*** Opening of Material for this exercise ***
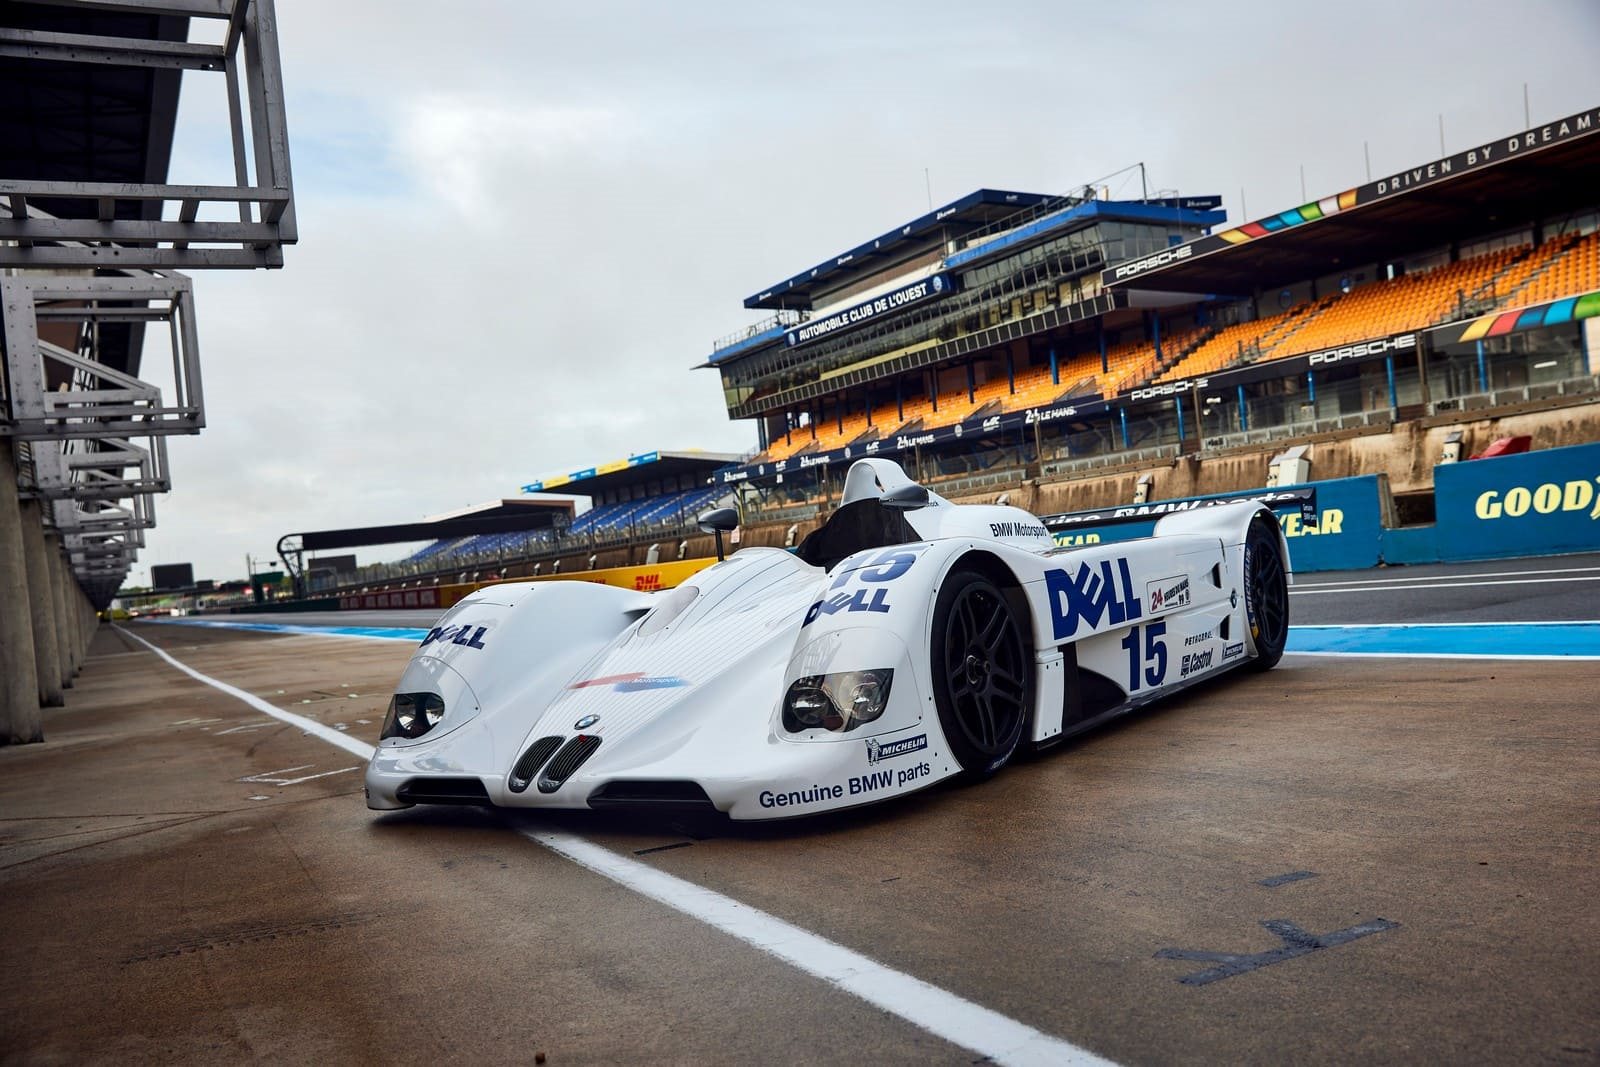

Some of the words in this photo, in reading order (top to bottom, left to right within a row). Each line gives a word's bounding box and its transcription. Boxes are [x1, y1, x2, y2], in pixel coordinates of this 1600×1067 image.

[1377, 159, 1452, 195] DRIVEN
[1467, 146, 1492, 166] BY
[1508, 110, 1600, 153] DREAM
[1115, 244, 1193, 279] PORSCHE
[799, 313, 850, 342] AUTOMOBILE
[849, 303, 874, 323] CLUB
[875, 299, 888, 314] DE
[889, 282, 928, 307] L'OUEST
[1310, 333, 1417, 367] PORSCHE
[1131, 378, 1209, 402] PORSCHE
[1040, 409, 1052, 421] LE
[1051, 406, 1076, 419] MANS
[990, 522, 1013, 538] BMW
[1014, 521, 1048, 539] Motorsport
[829, 545, 930, 591] 15
[801, 588, 891, 630] DELL
[1044, 557, 1142, 641] DELL
[1151, 587, 1164, 611] 24
[419, 623, 488, 650] DELL
[1121, 620, 1168, 692] 15
[1190, 648, 1214, 674] Castrol
[881, 736, 926, 756] MICHELIN
[759, 784, 843, 808] Genuine
[849, 769, 894, 796] BMW
[897, 761, 931, 787] parts
*** Close of Material for this exercise ***
Goal of the exercise: Return the entries above exactly as they appear. Pictures should not be copied.

Result of the task:
Some of the words in this photo, in reading order (top to bottom, left to right within a row). Each line gives a word's bounding box and its transcription. Boxes are [x1, y1, x2, y2], in pixel coordinates of this 1600×1067 image.

[1377, 159, 1452, 195] DRIVEN
[1467, 146, 1492, 166] BY
[1508, 110, 1600, 153] DREAM
[1115, 244, 1193, 279] PORSCHE
[799, 313, 850, 342] AUTOMOBILE
[849, 303, 874, 323] CLUB
[875, 299, 888, 314] DE
[889, 282, 928, 307] L'OUEST
[1310, 333, 1417, 367] PORSCHE
[1131, 378, 1209, 402] PORSCHE
[1040, 409, 1052, 421] LE
[1051, 406, 1076, 419] MANS
[990, 522, 1013, 538] BMW
[1014, 521, 1048, 539] Motorsport
[829, 545, 930, 591] 15
[801, 588, 891, 630] DELL
[1044, 557, 1142, 641] DELL
[1151, 587, 1164, 611] 24
[419, 623, 488, 650] DELL
[1121, 620, 1168, 692] 15
[1190, 648, 1214, 674] Castrol
[881, 736, 926, 756] MICHELIN
[759, 784, 843, 808] Genuine
[849, 769, 894, 796] BMW
[897, 761, 931, 787] parts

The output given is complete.